Do you have a reference for "current understanding of collagen rate of decay"?
"in bones, hydrolysis [breakdown] of the main protein component, collagen, is even more rapid and little intact collagen remains after only 1-3x104 [10,000 to 30,000] years, except in bones in cool or dry depositional environmnents."
With a lifespan of 30,000 or so years, collagen should not exist in a 68-million-year-old sample. To get around this, some evolutionary scientists challenge the measured molecular decay rates. "Schweitzer's work is 'showing us we really don't understand decay,'" paleontologist Thomas Holtz said in Smithsonian magazine.2 But even allowing 100,000 years for collagen longevity, perhaps due to superior preservation, this is still only 1/680th of B. rex's assumed age.

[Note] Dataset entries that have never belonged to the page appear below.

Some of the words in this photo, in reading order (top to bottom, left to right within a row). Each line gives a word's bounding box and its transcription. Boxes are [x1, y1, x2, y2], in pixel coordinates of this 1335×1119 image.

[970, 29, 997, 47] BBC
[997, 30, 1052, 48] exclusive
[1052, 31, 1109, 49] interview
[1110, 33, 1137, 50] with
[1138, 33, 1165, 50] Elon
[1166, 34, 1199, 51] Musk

Dinosaur Soft Tissue: Biofilm or Blood Vessels?
There should be NO collagen there according to current understanding of collagen rate of decay.

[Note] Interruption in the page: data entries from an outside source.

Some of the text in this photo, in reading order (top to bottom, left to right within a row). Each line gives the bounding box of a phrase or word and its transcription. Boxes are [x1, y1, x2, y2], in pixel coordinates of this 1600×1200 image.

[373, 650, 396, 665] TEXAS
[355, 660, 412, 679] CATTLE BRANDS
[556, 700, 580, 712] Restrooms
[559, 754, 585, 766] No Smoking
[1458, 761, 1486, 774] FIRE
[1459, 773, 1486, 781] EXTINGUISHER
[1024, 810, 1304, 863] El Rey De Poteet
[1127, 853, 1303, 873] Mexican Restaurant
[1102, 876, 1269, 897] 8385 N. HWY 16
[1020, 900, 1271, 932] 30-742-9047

They've also found supposedly millions of years old DNA.
Researchers have uncovered biological molecules like proteins, DNA, and pigments from rocks that are supposedly millions of years old. Laboratory studies on many of these materials indicate that they will only survive thousands, not millions, of years.

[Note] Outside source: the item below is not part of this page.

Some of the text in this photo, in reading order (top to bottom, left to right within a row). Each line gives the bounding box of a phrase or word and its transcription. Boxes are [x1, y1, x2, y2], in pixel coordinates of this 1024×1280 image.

DNA is particularly prone to decay, yet ancient fossil "plants, bacteria, mammals, Neanderthals, and other archaic humans have had short aDNA sequences identified."2 Such remnant DNA should not be able to last more than 10,000 years.3 Just as finding the phrase "cell phone" in a reputedly ancient stone inscription would immediately identify it as a fraud, finding a ribosomal gene in bacteria supposedly 250 million years old causes deep suspicion of its assigned age.4
Fossilized Biomaterials Must Be Young
There's a number of other articles along these lines at the ICR website.
In the sense that understanding what I read and describing it accurately is my field of expertise, yes.
I admire your chutzpah in citing Brian Thomas, MS articles to argue against my contention that Brian Thomas, MS is a deceitful writer. "He's not lying--see, he says so himself!" Oh well, Brian cites his own articles in his references all the time, I guess you might as well too.
It's also amusing that you cite an excerpt with a scientist saying "we really don't understand decay" in support of your assertion about the "current understanding of collagen rate of decay."
I can't follow Brian's references in the second excerpt because they're behind paywalls. I've followed many of them before, though, and I've usually found that he's misrepresented their content. You'd be better off not accepting his representations at face value.
There's a number of other articles along these lines at the ICR website.
Oh, I know. Blyin' and I go way back.